I'm sure I've made this point before, but in a league that isn't at the VERY TOP of the pyramid, you're going to have the best players cluster around SS, C & CF, and many players would move to the right of the defensive spectrum. If they had been able to play in MLB, a lot of these guys would be RF or LF or maybe 1B, etc.
I would have moved Brown to an outfield corner, definitely. Perhaps Bell to left too, because of his weak arm. But then there's the Ashburn precedent, etc. And Irvin wasn't a centerfielder at all. The rest are legit CFers though.
Dihigo, Irvin and Torriente played 1B, but their talents were not well-used there. Much better examples of guys who would have been moved to 1B are substandard defensive infielders like Beckwith, Scales and Clarkson.
By the way that was my approximation to chronological order (as usual) without looking it up.

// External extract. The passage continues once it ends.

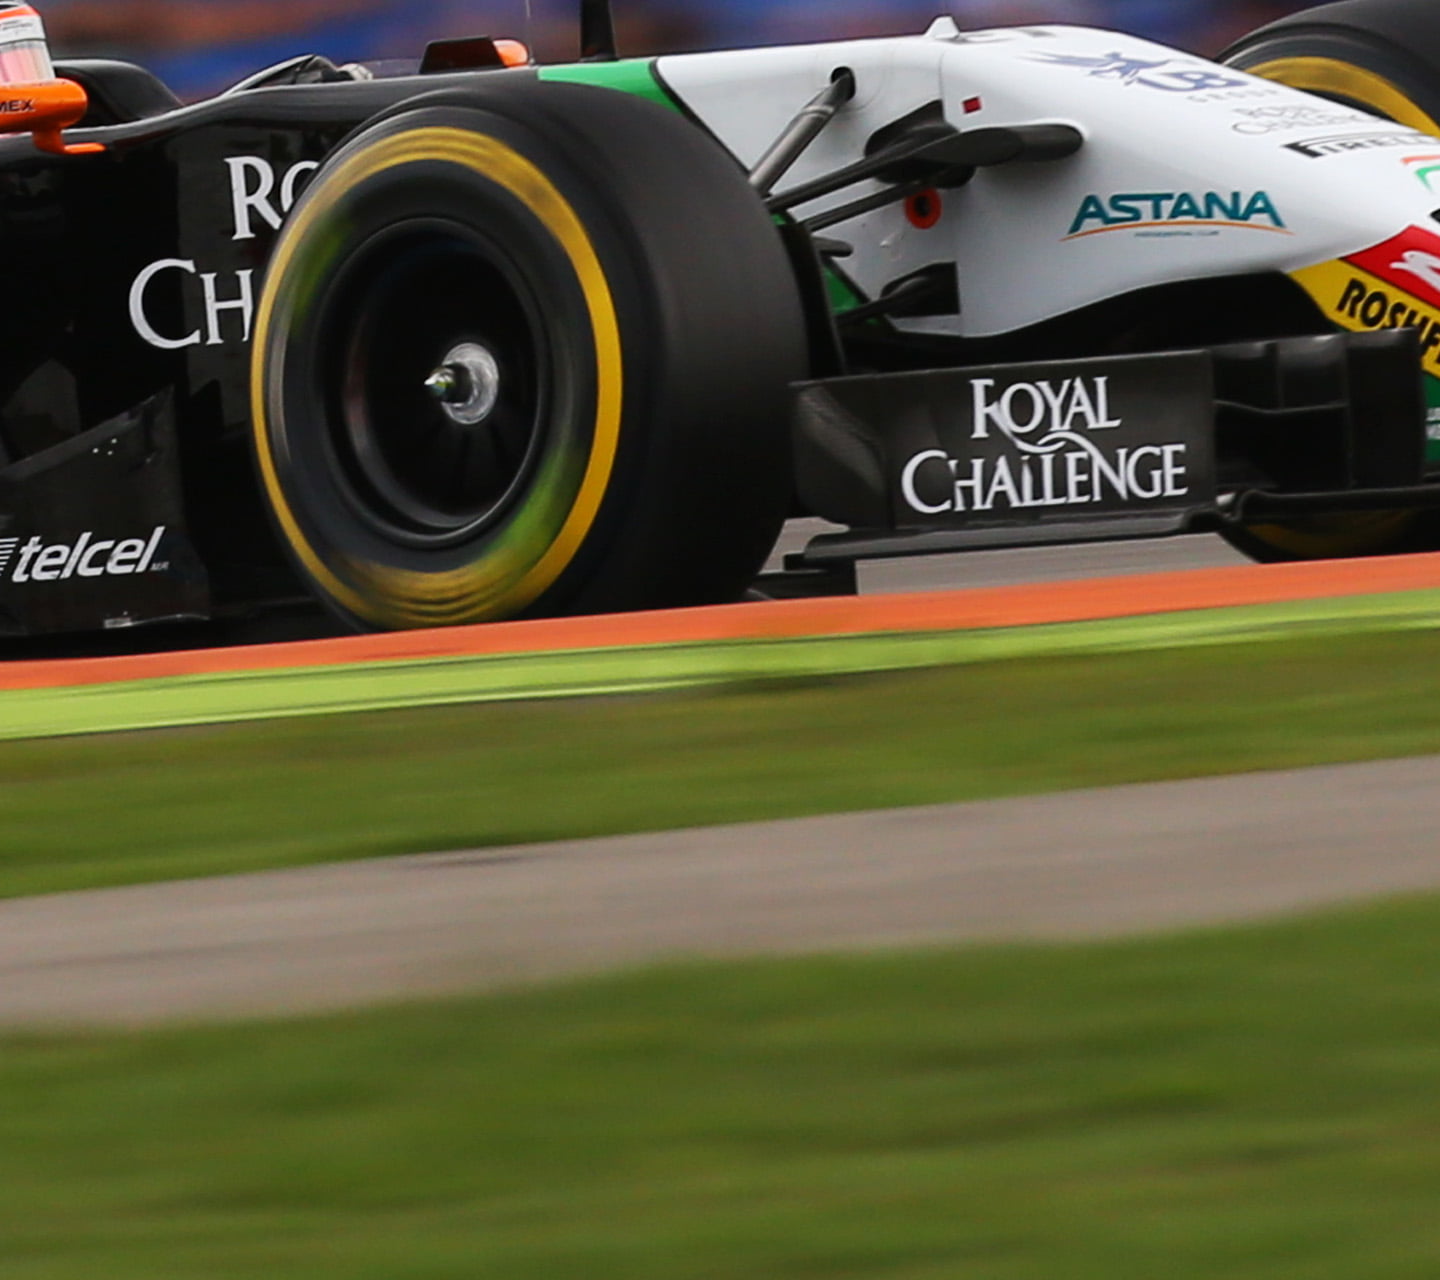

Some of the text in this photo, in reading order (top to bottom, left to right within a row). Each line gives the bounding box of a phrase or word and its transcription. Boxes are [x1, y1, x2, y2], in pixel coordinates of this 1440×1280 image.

[1068, 190, 1287, 235] ASTANA
[970, 376, 1122, 442] ROYAL
[901, 443, 1188, 516] CHALLENGE
[10, 525, 166, 584] telcel
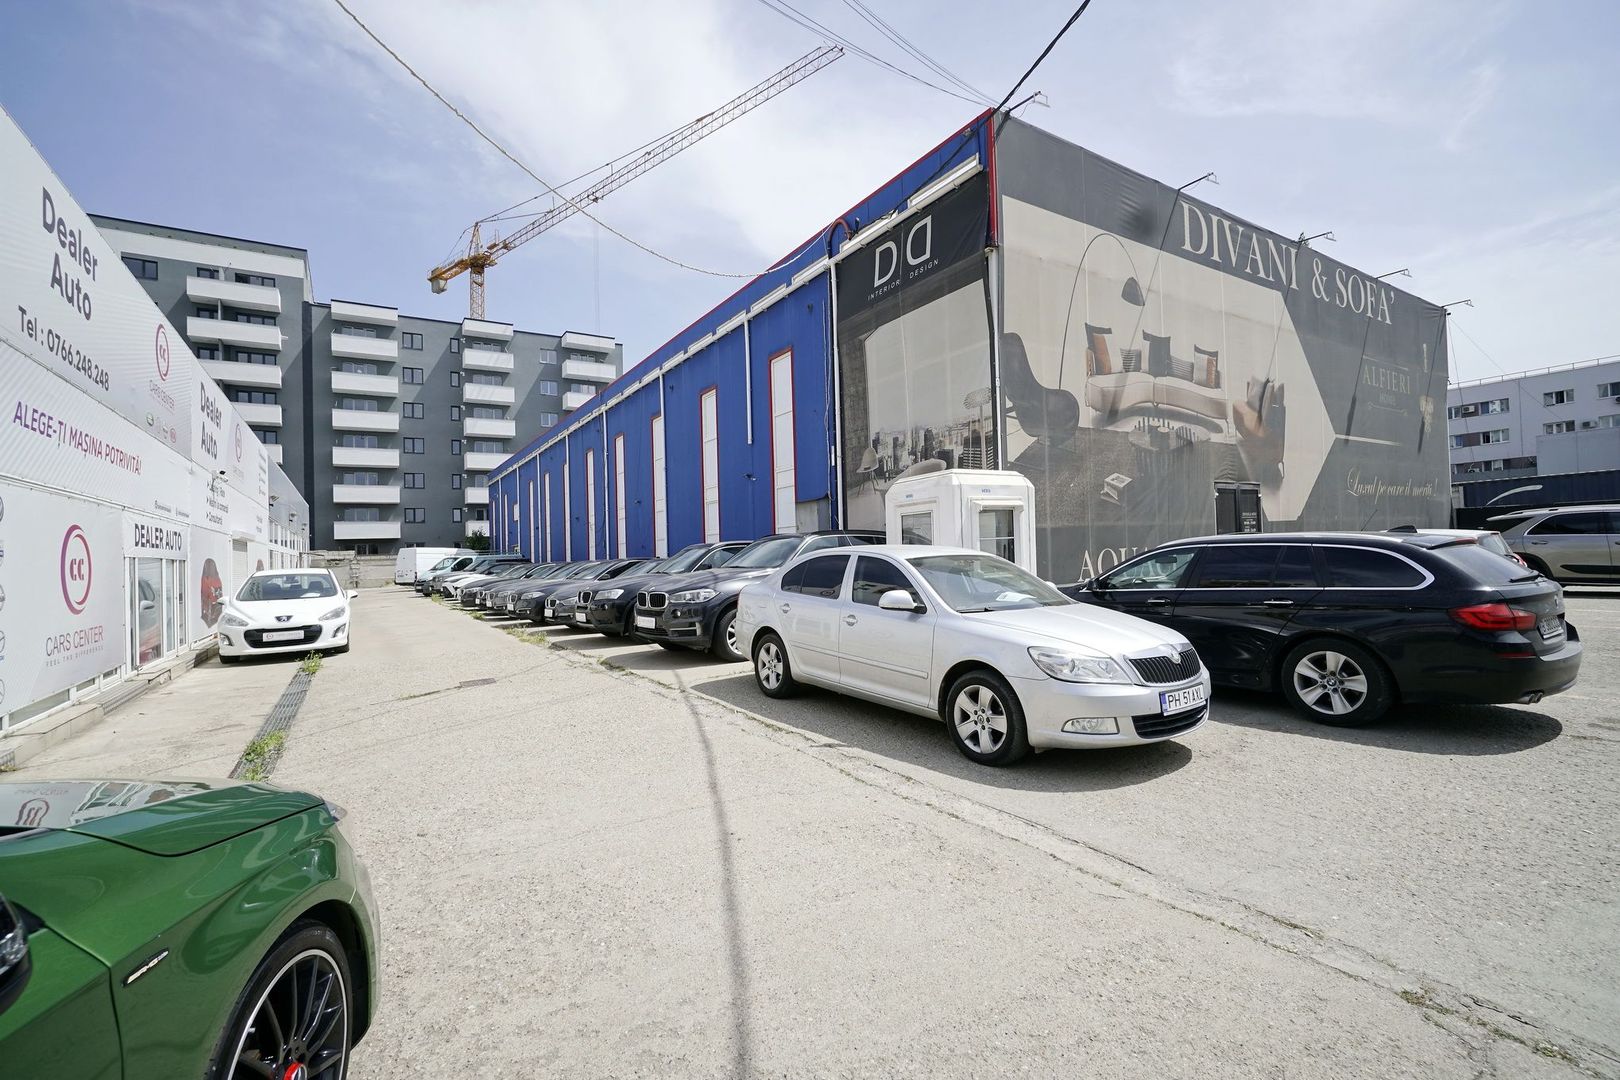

I'm sure I've made this point before
[I think so but it's worth repeating]
, but in a league that isn't at the VERY TOP of the pyramid, you're going to have the best players cluster around SS, C & CF, and many players would move to the right of the defensive spectrum. If they had been able to play in MLB, a lot of these guys would be RF or LF or maybe 1B, etc.
Mule Suttles started as the fringe of that cluster, in LF, and moved to 1B. I think of him as the Greg Luzinski of the Negro Leagues. Some of Riley's description fits (btw he lists '1b, lf' both in bold). The nicknames Mule and Bull help, but I suppose they were conferred partly for similar reasons, if not wholly.
I like that they are all classified together here. It will enforce some more comparison of the NeL outfielders among themselves, and this project won't rank them 'as centerfielders' but 'among the centerfielders'.
I realize this belongs in the Suttles thread, but that's too far down the food chain, Paul. Suttles was a monster hitter, no matter how one-dimensional he might have been. Kiner or Killebrew would be closer to it, or even a right-handed McCovey. If you needed to step it down a little, perhaps Frank Howard. But I think Suttles was far scarier than Howard.
Or just this:
http://agatetype.typepad.com/agate_type/pete-hill
Daily newspapers and Sporting Life published many baseball notes such as "Olean has signed Jimmy Barrett of Brattleboro" or "Jimmy Barrett of Brattleboro will play for Olean this season". The meaning may be that Barrett grew up in Brattleboro or lives there or last played for the Brattleboro ballclub.
I suppose that such notes, and slightly longer but no less ambiguous ones, are the sources for much birth city and state data where birth month and day are missing.
For a city so small as Brattleboro, I believe, even "of Brattleboro, Vermont" may mean that he last played for the Brattleboro ballclub.
Please find my MLEs for Pete Hill. They will be updated as new info comes to light.